EXERCISE DIRECTIONS: Only some lines are wanted: please transcribe exactly those from the one containing "this 1500×1000 image." through the end of the data, pictures excluded.

(Phrase grounding data)

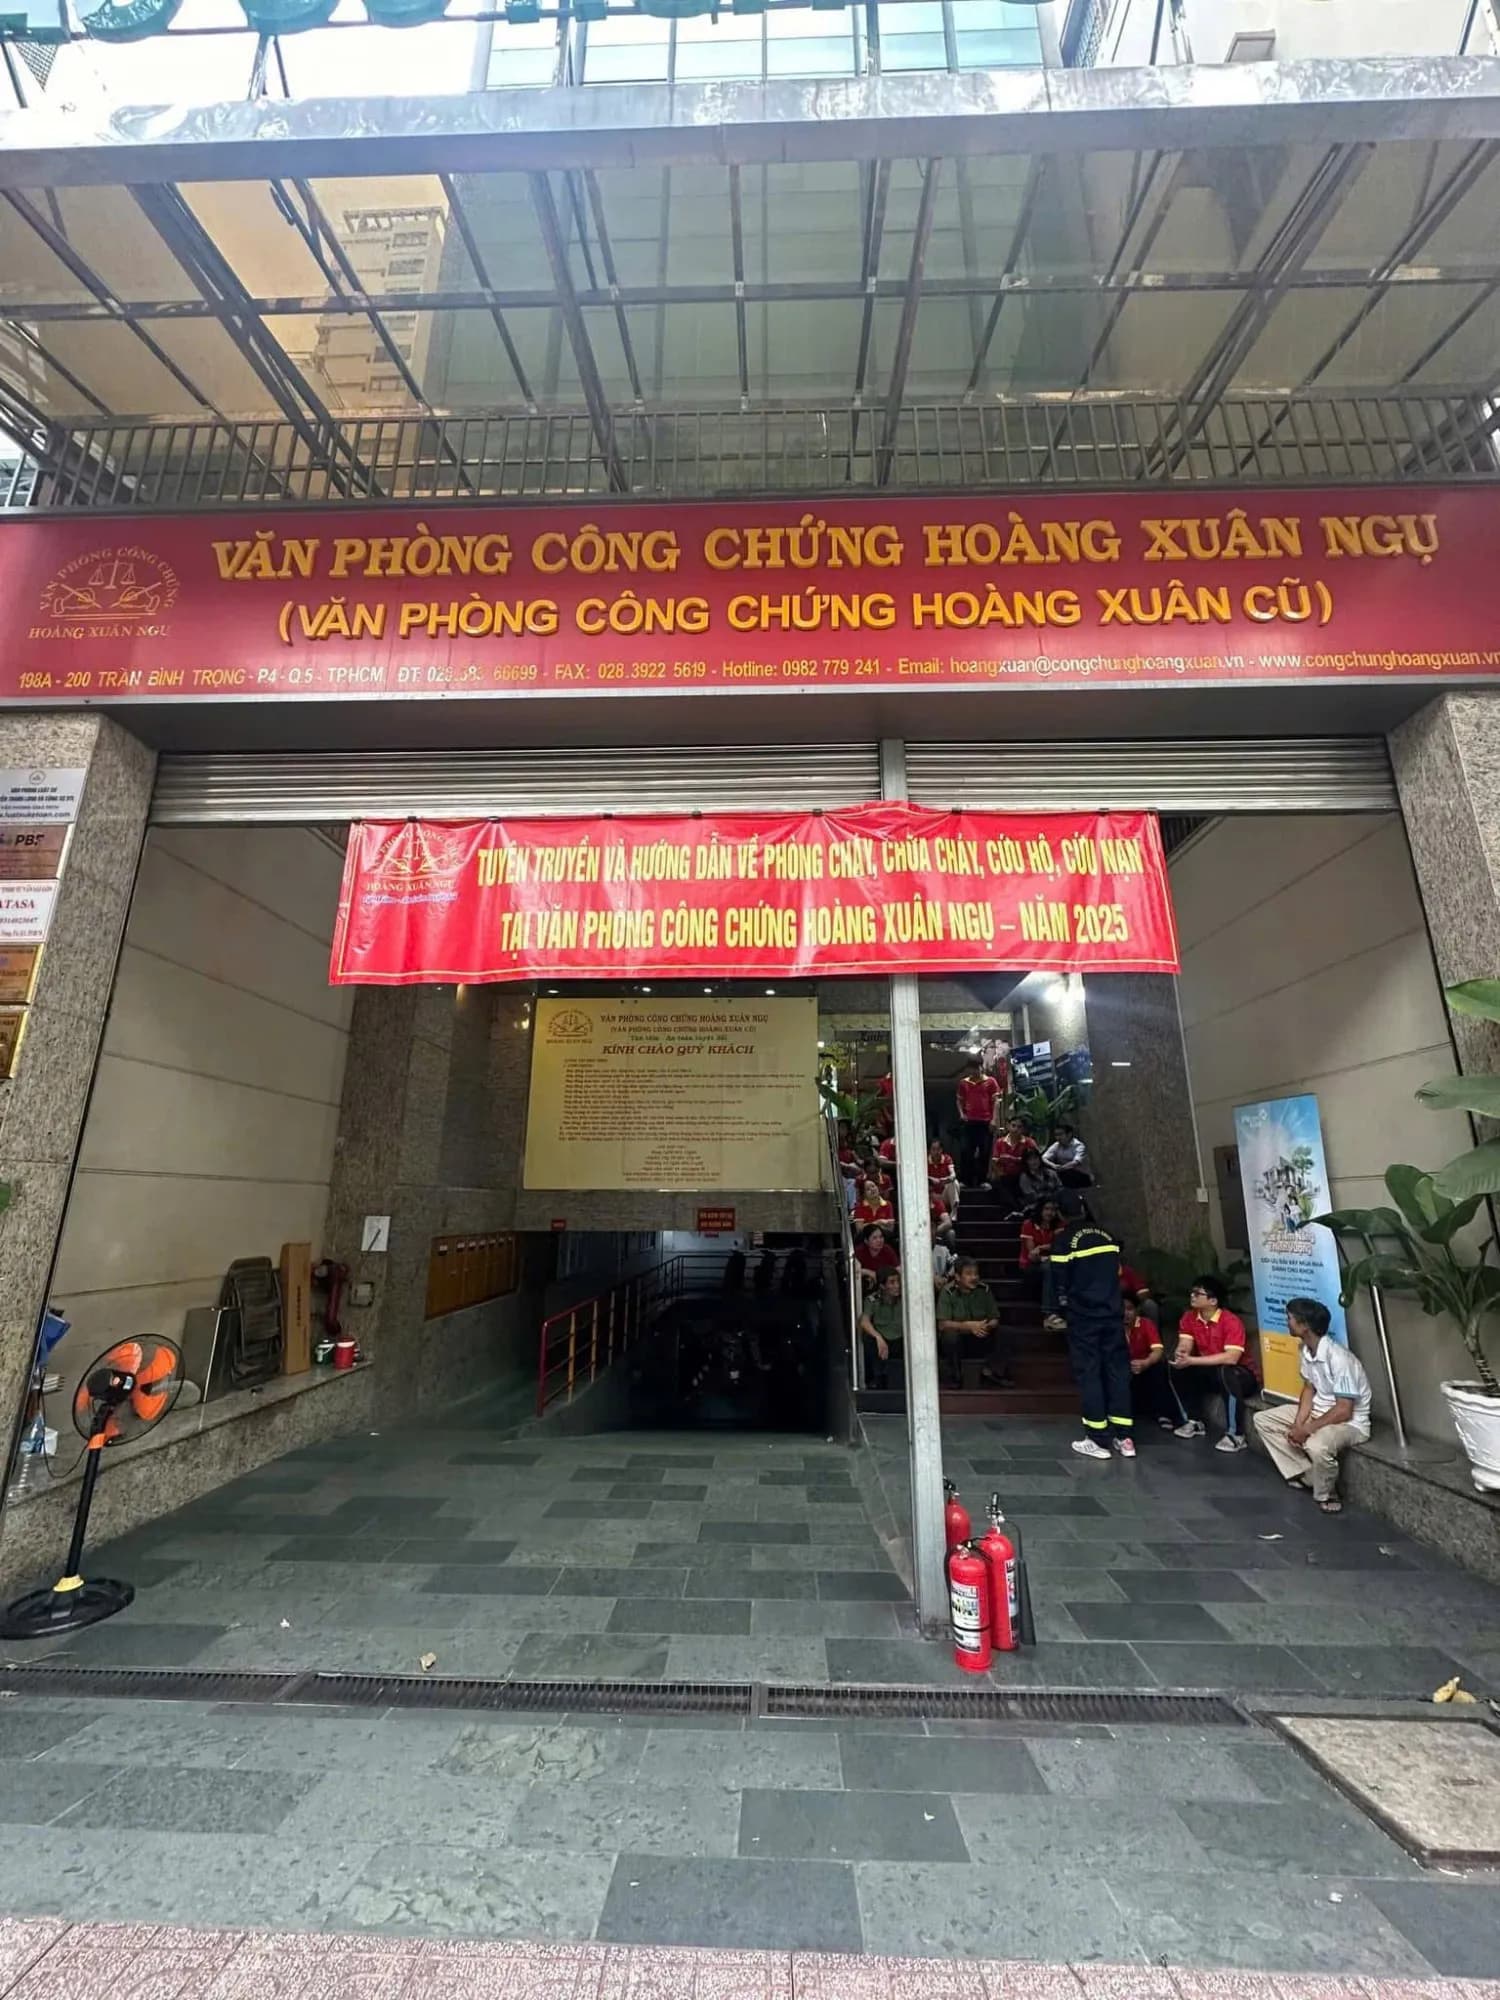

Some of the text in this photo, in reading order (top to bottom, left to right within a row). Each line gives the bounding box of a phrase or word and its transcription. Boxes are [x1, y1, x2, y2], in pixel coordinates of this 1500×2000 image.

[211, 507, 1440, 580] VĂN PHÒNG CÔNG CHỨNG HOÀNG XUÂN NGỤ
[278, 576, 1333, 646] (VĂN PHÒNG CÔNG CHỨNG HOÀNG XUÂN CŨ)
[18, 671, 51, 688] 198A
[64, 671, 91, 688] 200
[148, 666, 184, 686] BÌNH
[192, 668, 246, 688] TRỌNG
[493, 664, 538, 681] 66699
[555, 663, 591, 681] FAX:
[598, 662, 666, 680] 028.3922
[673, 661, 706, 679] 5619
[722, 659, 777, 678] Hotline:
[782, 659, 818, 677] 0982
[822, 658, 849, 676] 779
[854, 658, 880, 675] 241
[898, 657, 945, 675] Email:
[950, 654, 1244, 677] hoangxuan@congchunghoangxuan.vn
[477, 840, 529, 886] TUYÊN
[533, 835, 600, 882] TRUYỀN
[604, 838, 625, 882] VÀ
[630, 838, 690, 880] HƯỚNG
[695, 831, 732, 880] DẪN
[763, 834, 823, 880] PHÒNG
[934, 833, 984, 879] CHÁY,
[986, 833, 1025, 875] CỨU
[1026, 832, 1062, 882] HỘ,
[1061, 831, 1098, 876] CỨU
[1100, 838, 1144, 882] NẠN
[502, 911, 530, 960] TẠI
[537, 903, 579, 949] VĂN
[582, 901, 655, 949] PHÒNG
[660, 900, 718, 948] CÔNG
[724, 899, 797, 948] CHỨNG
[803, 898, 877, 946] HOÀNG
[882, 892, 943, 943] XUÂN
[948, 902, 994, 949] NGỤ
[1019, 893, 1070, 942] NĂM
[1073, 903, 1129, 944] 2025
[602, 1044, 635, 1055] KÍNH
[637, 1043, 675, 1055] CHÀO
[707, 1043, 756, 1055] KHÁCH
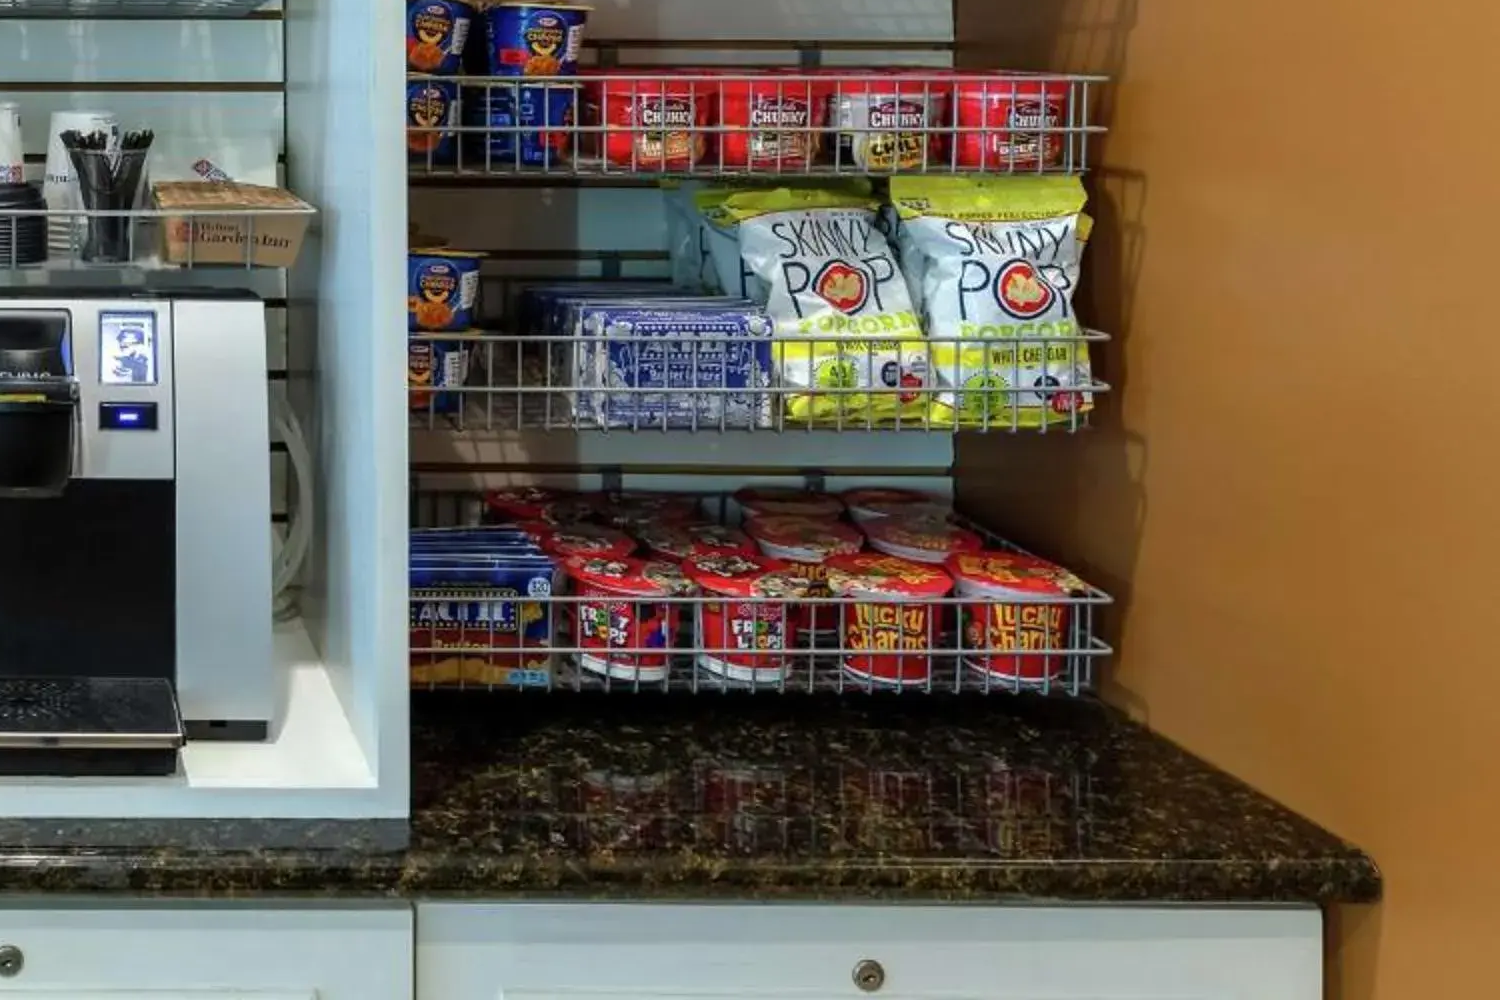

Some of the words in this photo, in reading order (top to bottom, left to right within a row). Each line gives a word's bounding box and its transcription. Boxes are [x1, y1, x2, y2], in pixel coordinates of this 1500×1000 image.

[200, 231, 259, 246] Gardn
[771, 217, 872, 259] SKINNY
[946, 221, 1069, 258] SKINNY
[783, 256, 895, 318] POP
[959, 258, 1072, 321] POP
[1023, 346, 1068, 364] CHEDAR
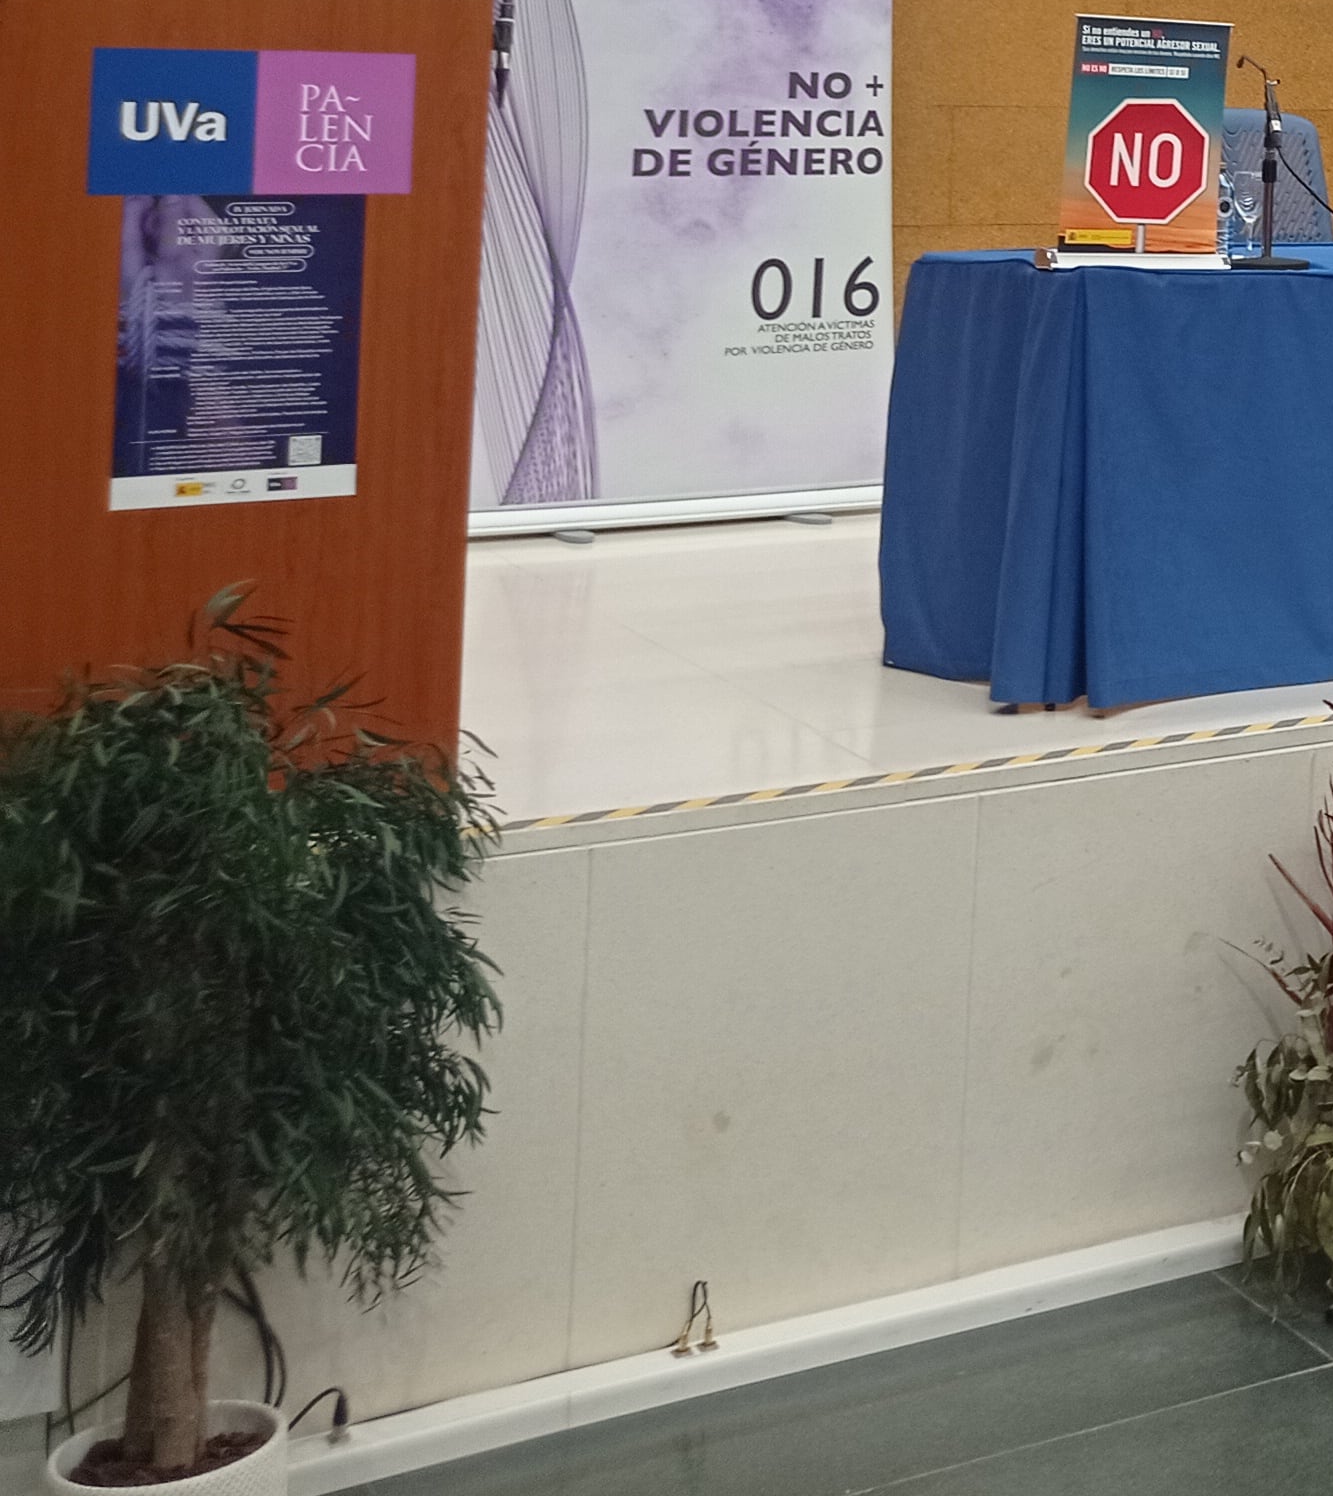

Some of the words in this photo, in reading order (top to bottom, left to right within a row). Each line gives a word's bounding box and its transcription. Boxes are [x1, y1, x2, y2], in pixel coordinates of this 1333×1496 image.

WRITTEN SOLUTION:
Some of the words in this photo, in reading order (top to bottom, left to right within a row). Each line gives a word's bounding box and its transcription. Boxes are [x1, y1, x2, y2], in pixel coordinates of this 1500×1000 image.

[200, 231, 259, 246] Gardn
[771, 217, 872, 259] SKINNY
[946, 221, 1069, 258] SKINNY
[783, 256, 895, 318] POP
[959, 258, 1072, 321] POP
[1023, 346, 1068, 364] CHEDAR

Some of the words in this photo, in reading order (top to bottom, left to right within a row). Each line gives a word's bounding box and its transcription. Boxes are [x1, y1, x2, y2], in pixel coordinates of this 1333×1496 image.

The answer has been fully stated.